In the U.S., Shin found many people who treated him with love and compassion, including Kyung. And yet Shin found it difficult to accept that he was worthy of anybody else’s time and affection—he had such a low opinion of himself that he couldn’t understand why others would be kind to him.
California is one of the few places in America where a Korean can get by without speaking a word of English—there’s a huge Korean population there. Shin learns enough English to get by in Los Angeles, but little more—he spends most of his time speaking Korean.
Shin continued to hold himself at arm’s length from other people: he didn’t learn English, he didn’t have many close friendships with other people, and—quite understandably—he didn’t open up about his past.
During Shin’s second year in California, he meets Harim Lee, a young woman from Seoul who moved to Los Angeles with her family at the age of four.

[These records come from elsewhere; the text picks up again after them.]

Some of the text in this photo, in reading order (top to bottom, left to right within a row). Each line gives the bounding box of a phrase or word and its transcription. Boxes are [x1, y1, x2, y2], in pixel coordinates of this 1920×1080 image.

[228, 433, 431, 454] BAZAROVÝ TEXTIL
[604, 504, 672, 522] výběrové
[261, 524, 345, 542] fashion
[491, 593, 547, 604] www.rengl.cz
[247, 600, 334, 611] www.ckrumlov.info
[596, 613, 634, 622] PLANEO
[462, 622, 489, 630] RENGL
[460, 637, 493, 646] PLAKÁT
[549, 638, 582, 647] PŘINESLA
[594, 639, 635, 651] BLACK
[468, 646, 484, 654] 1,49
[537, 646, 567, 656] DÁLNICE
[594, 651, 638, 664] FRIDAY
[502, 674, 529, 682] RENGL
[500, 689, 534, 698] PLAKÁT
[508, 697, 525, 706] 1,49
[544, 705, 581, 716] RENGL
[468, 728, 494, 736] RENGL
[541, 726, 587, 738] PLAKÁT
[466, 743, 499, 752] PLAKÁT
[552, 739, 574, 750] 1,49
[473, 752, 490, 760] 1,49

Harim worked as a translator for an NGO, and in the middle of college, she decided to join LiNK. She prayed that she’d get a chance to meet Shin. When they finally meet, they like each other right away. This creates a problem, though: LiNK refugees and interns aren’t allowed to date each other. Shin and Harim ignore the rule, but Shin eventually decides to quit LiNK anyway. He quits partly because of the no-dating rule and partly because he feels his supervisors are expecting too much of him—he doesn’t want to learn English. It’s unclear what Shin wants to do with the rest of his life, or if he has any idea at all.

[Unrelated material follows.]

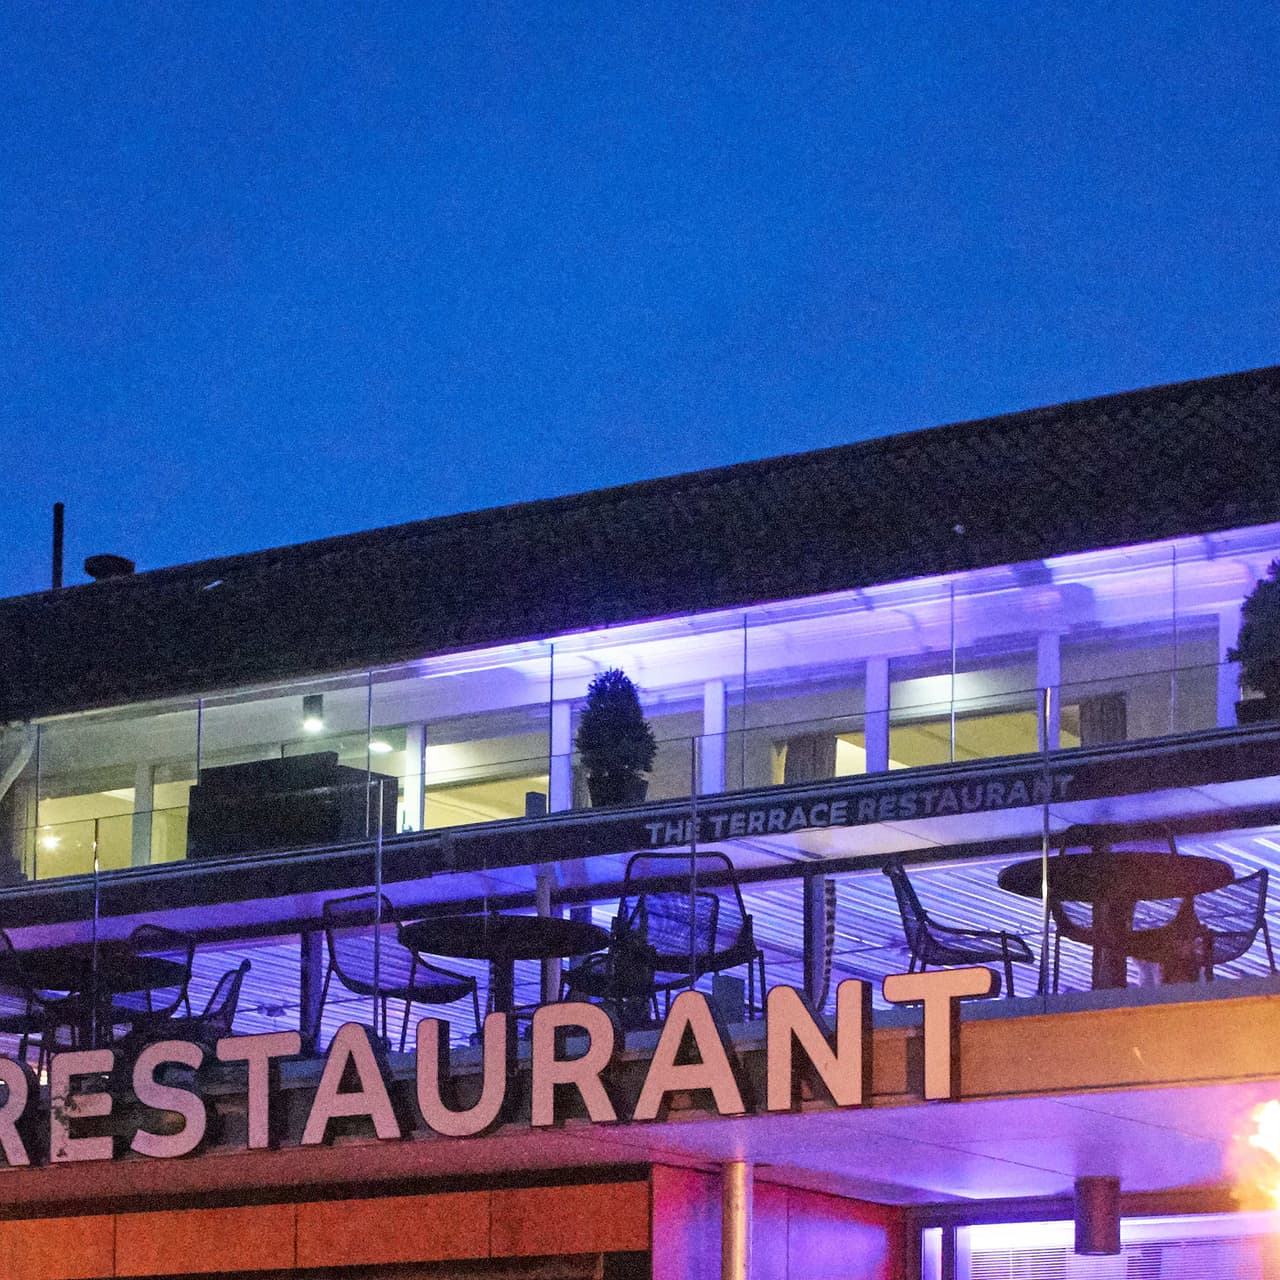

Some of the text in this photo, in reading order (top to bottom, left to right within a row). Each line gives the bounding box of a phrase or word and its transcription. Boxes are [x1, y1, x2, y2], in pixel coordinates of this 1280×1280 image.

[646, 775, 1074, 844] THE TERRACE RESTAURANT

Shin’s relationship with Harim exemplifies many of the issues that continue to haunt him. As a member of LiNK, Shin’s duty was to open up to other people about his time in prison camp. However, Shin clearly wasn’t ready to do so—first, he had to learn to respect himself. So it makes a certain amount of sense that Shin would leave LiNK to pursue a relationship with Harim: before becoming a successful human rights activist, he had to prove to himself that he could love someone else and accept that person’s love in return.